Pengchengpcx / Class-overwhelms-Mutual-Conditional-Blended-Target-Domain-Adaptation

[AAAI2023] Class Overwhelms: Mutual Conditional Blended-Target Domain Adaptation
MIT License
8 stars 0 forks source link

The file cada_styflip.py cannot be run, even though I have installed RandAugment. ValueError: Expected input batch_size (90) to match target batch_size (84). #3

Closed csrwang closed 1 year ago

csrwang commented 1 year ago

The file cada_styflip.py cannot be run, even though I have installed xxx.

The error message is: ValueError: Expected input batch_size (90) to match target batch_size (84). What is the relationship between bs_limit and batch_size? Why does the code frequently give errors due to batch_size?

Here are my code parameter settings: [cada_styflip.py][INFO] Namespace(amp=True, aug_num=1, batch_size=32, bs_limit=96, catal=True, dataset='office-home', discriminator='Categorical_discriminator', div='kl', eval_epoch=1, feat_dim=256, freq=False, gpu_id='4', hid_dim=1024, iter_epoch=500, log_step_pre=10, lr=0.01, lr_decay=0.75, lr_gamma=0.001, margin=0.05, max_epoch=30, momentum=0.9, nesterov=True, net='resnet50', num_classes=65, num_domains=4, p_adain=0.01, pretrained=True, rand_aug=False, resume=False, resume_file=None, seed=2020, sigma=0.1, source=0, sub_log='0727_catal_amp_home', temp=0.05, weight_decay=0.001, with_permute_adain=False, workers=3)

When I switch the dataset to office31, the code can run, with the parameters: [cada_styflip.py][INFO] Namespace(amp=True, aug_num=1, batch_size=32, bs_limit=96, catal=True, dataset='office31', discriminator='Categorical_discriminator', div='kl', eval_epoch=1, feat_dim=256, freq=False, gpu_id='4', hid_dim=1024, iter_epoch=500, log_step_pre=10, lr=0.01, lr_decay=0.75, lr_gamma=0.001, margin=0.05, max_epoch=30, momentum=0.9, nesterov=True, net='resnet50', num_classes=31, num_domains=3, p_adain=0.01, pretrained=True, rand_aug=False, resume=False, resume_file=None, seed=2020, sigma=0.1, source=0, sub_log='0727_catal_amp', temp=0.05, weight_decay=0.001, with_permute_adain=False, workers=3). However, the accuracy is only 65.67%, which is far from the 92.4% mentioned in the paper.

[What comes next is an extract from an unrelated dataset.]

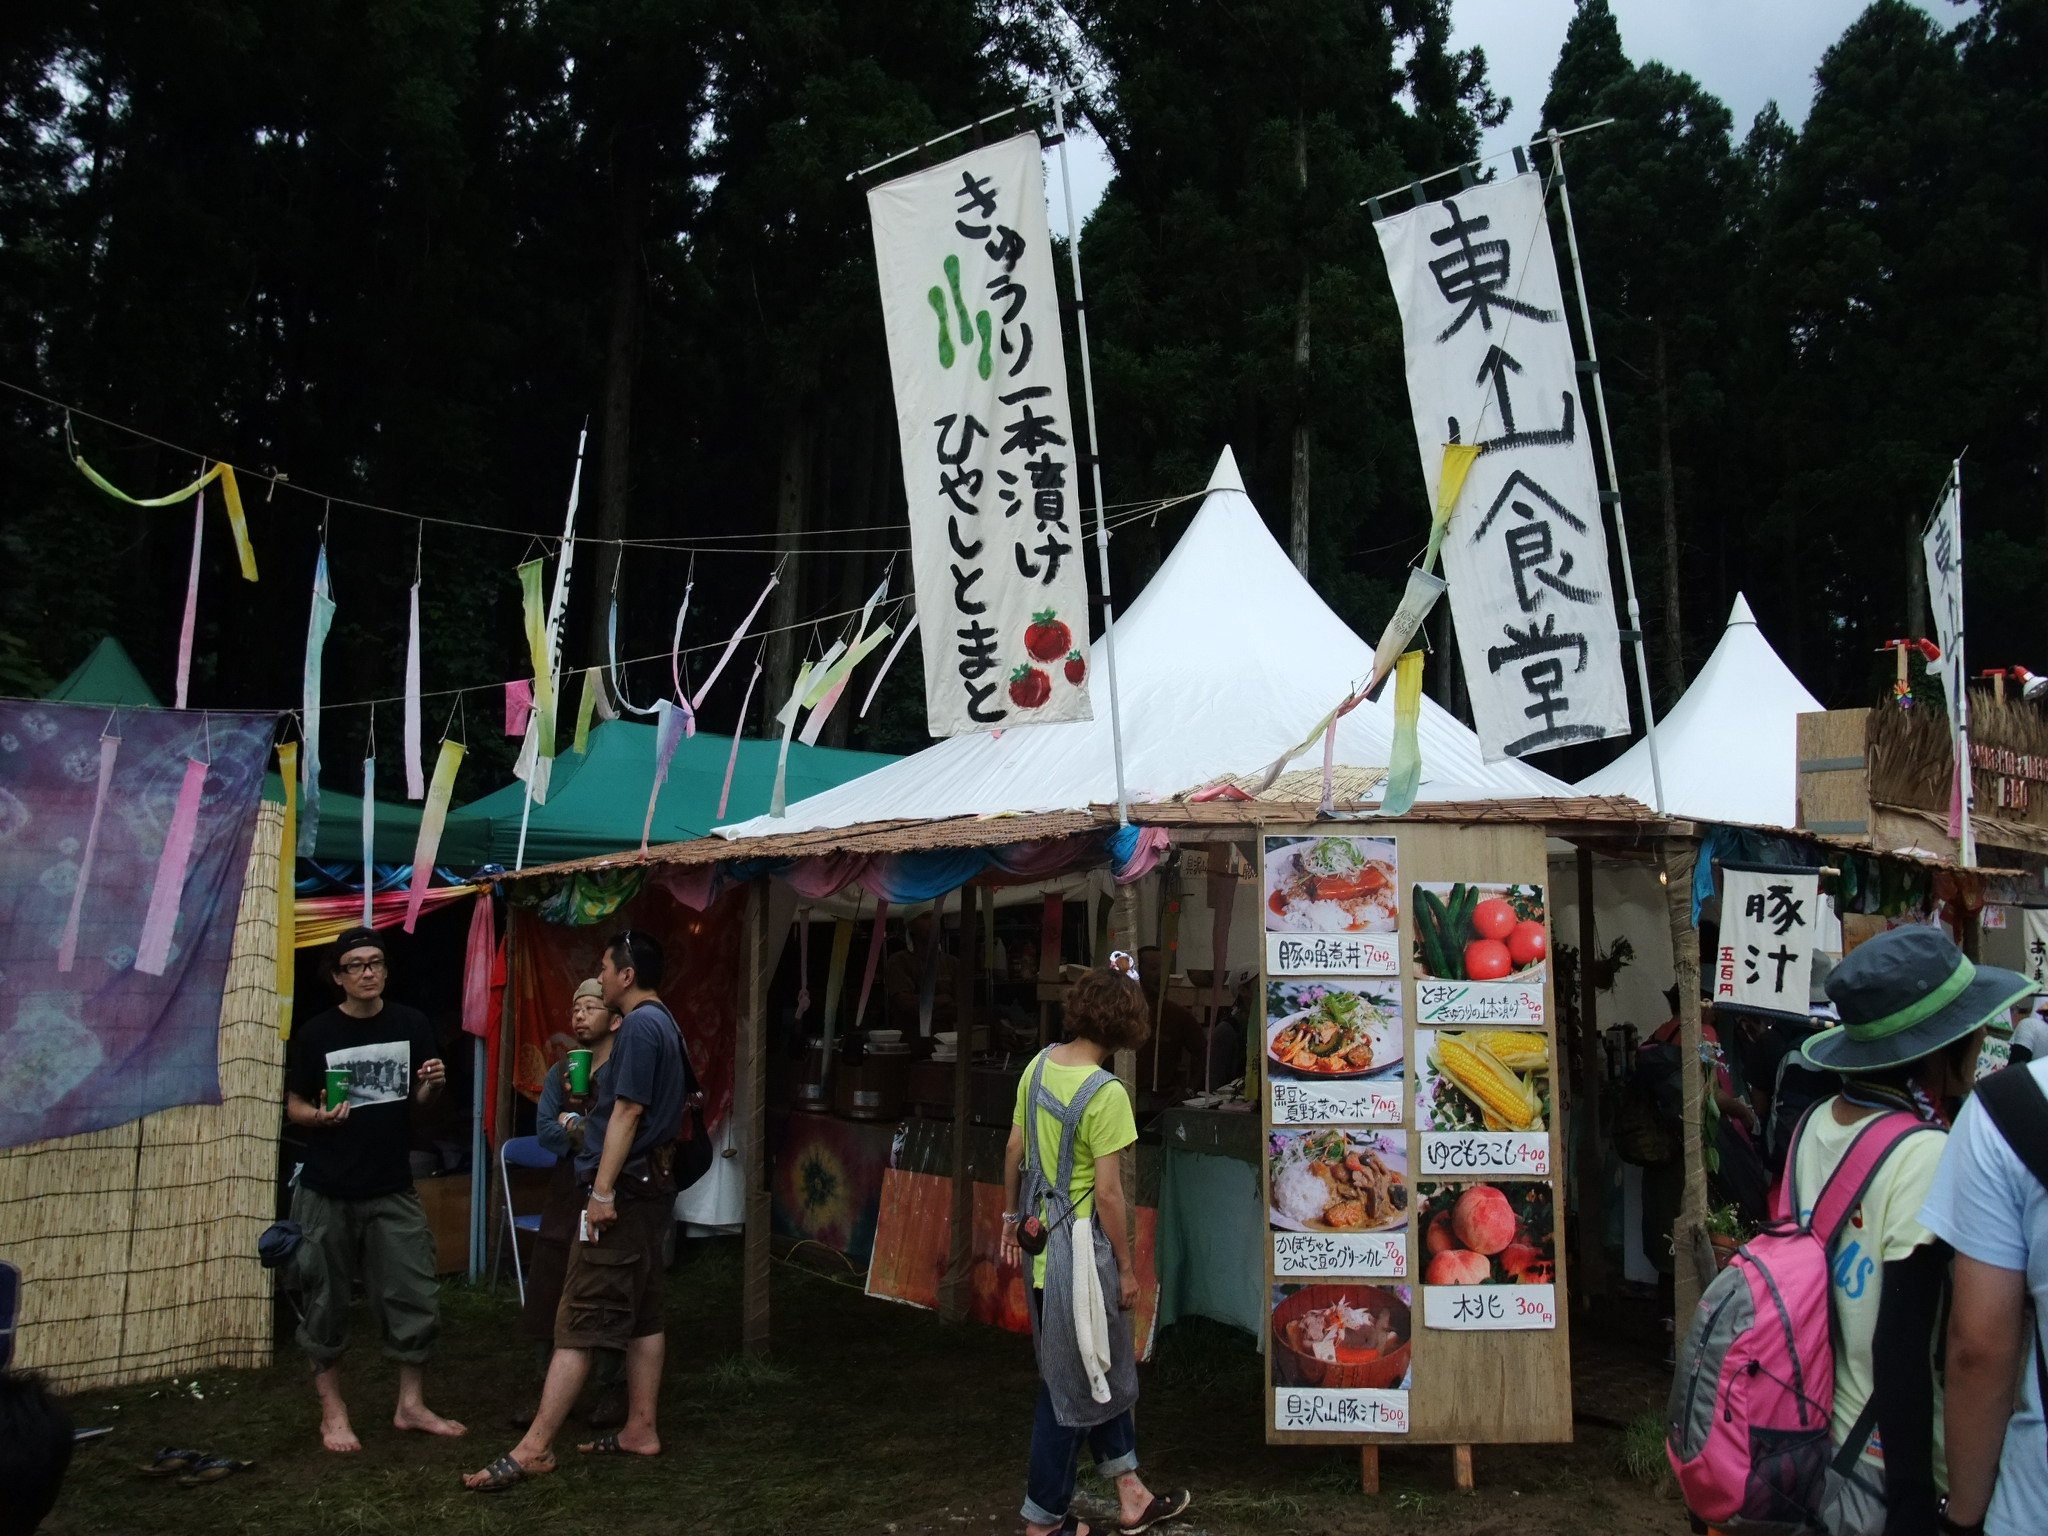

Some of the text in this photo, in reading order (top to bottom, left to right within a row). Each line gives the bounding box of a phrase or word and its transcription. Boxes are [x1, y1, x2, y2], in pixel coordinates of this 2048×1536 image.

But when I set batch_size=64 for office31, I get the error ValueError: Expected input batch_size (50) to match target batch_size (36).

What is the relationship between bs_limit and batch_size? Why does the code frequently give errors due to batch_size?

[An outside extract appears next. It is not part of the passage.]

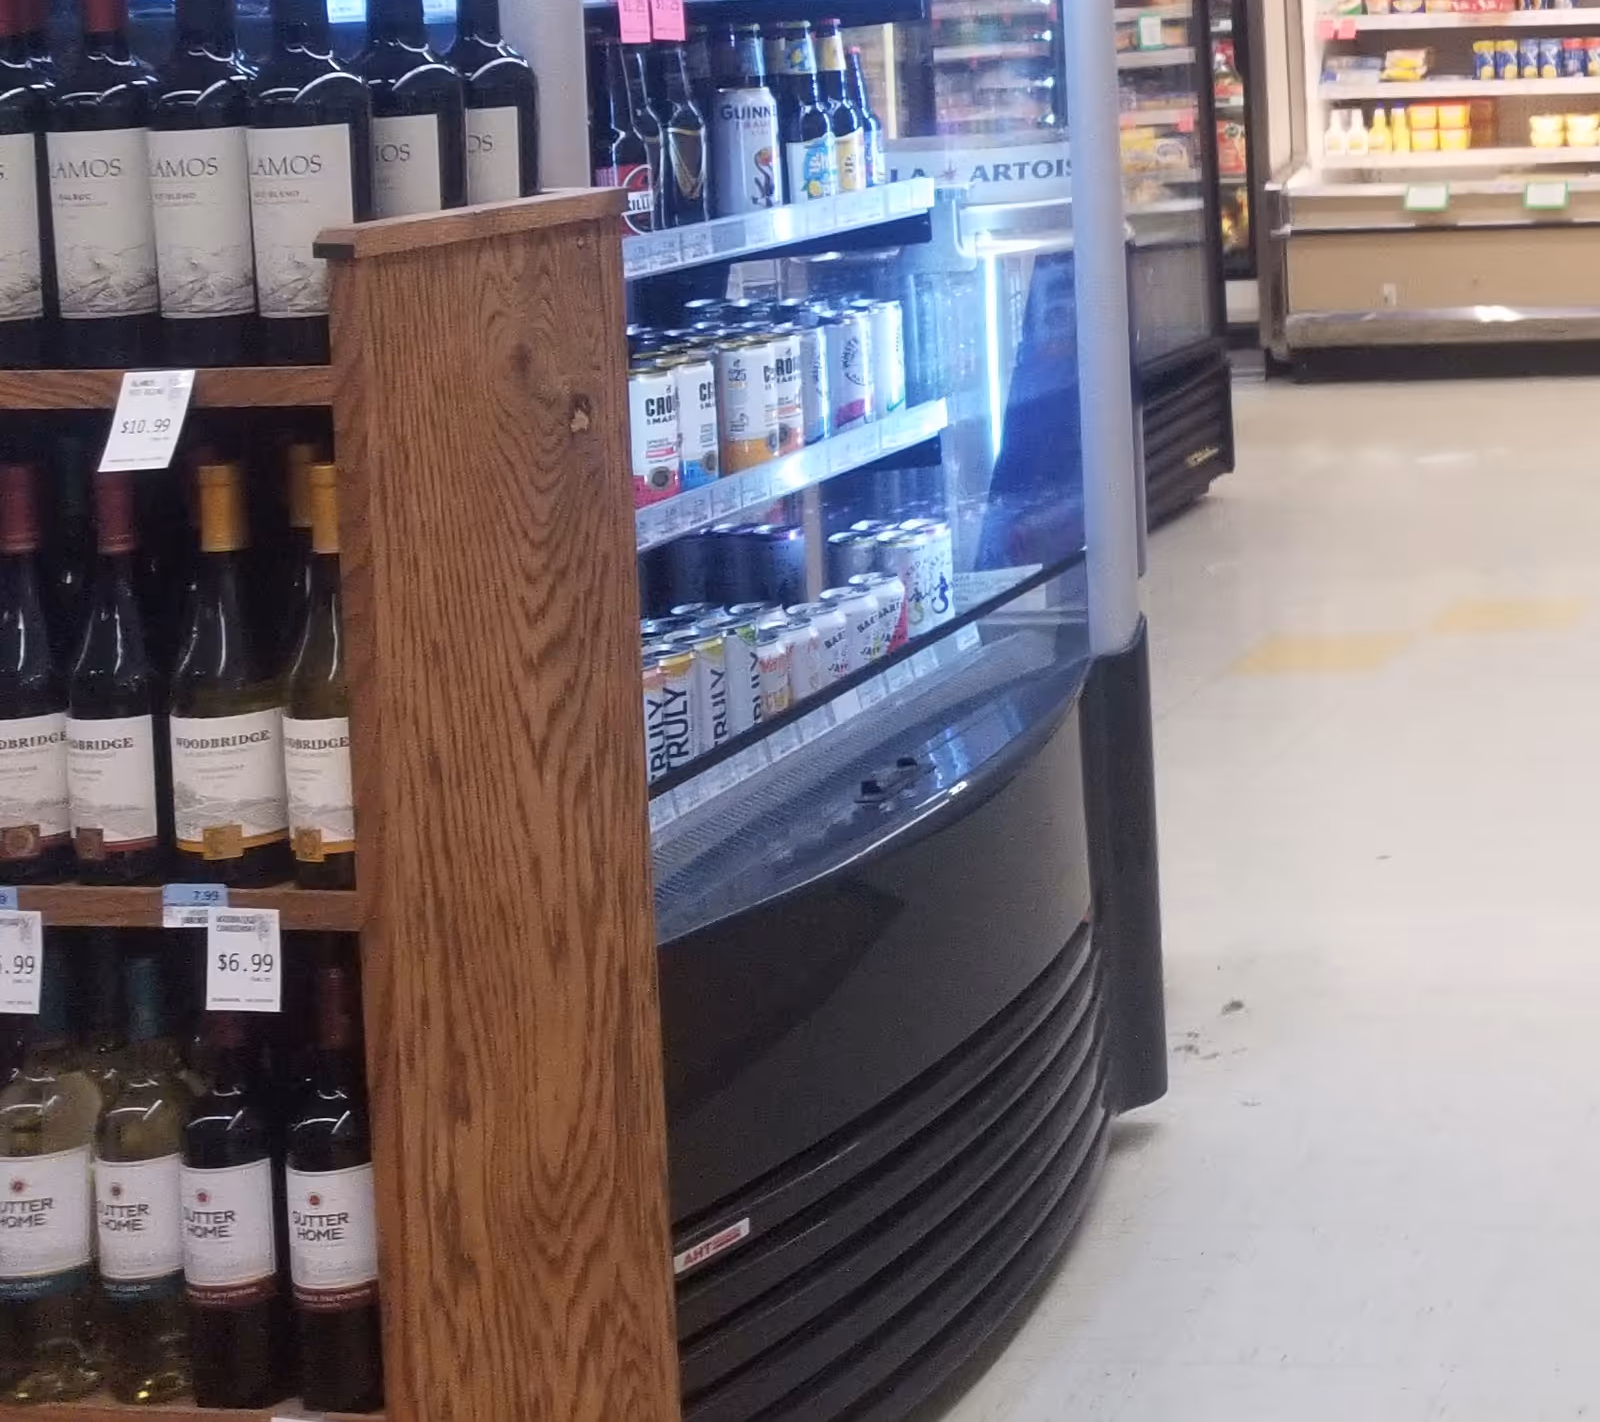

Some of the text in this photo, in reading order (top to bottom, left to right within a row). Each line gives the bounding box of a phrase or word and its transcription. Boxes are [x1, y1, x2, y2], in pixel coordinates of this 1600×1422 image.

[120, 418, 171, 434] $10.99
[0, 954, 35, 975] .99
[217, 952, 274, 973] $6.99
[296, 1227, 346, 1242] HOME

Pengchengpcx commented 1 year ago

If --catal is set as True, then it means the model uses categorical balanced sampling on the source domain. In this case, --batch_size means the number of images sampled for each category. So, the actual batch is equal to --batch_size * the_number_of_categories. And --bs_limit means the maximum limit for the actual batch size. This avoids the overflow of the GPU ram.

For example in Office 31, if --catal is set as True, the --batch_size == 2, then the actual batch fed into the GPU is --batch_size 31 (the number of classes). And --bs_limit is constraint such that --batch_size 31 <= --bs_limit.

If --catal is set as False, then there is no categorical balanced sampling, and --batch_size just means the actual batch fed into the GPU.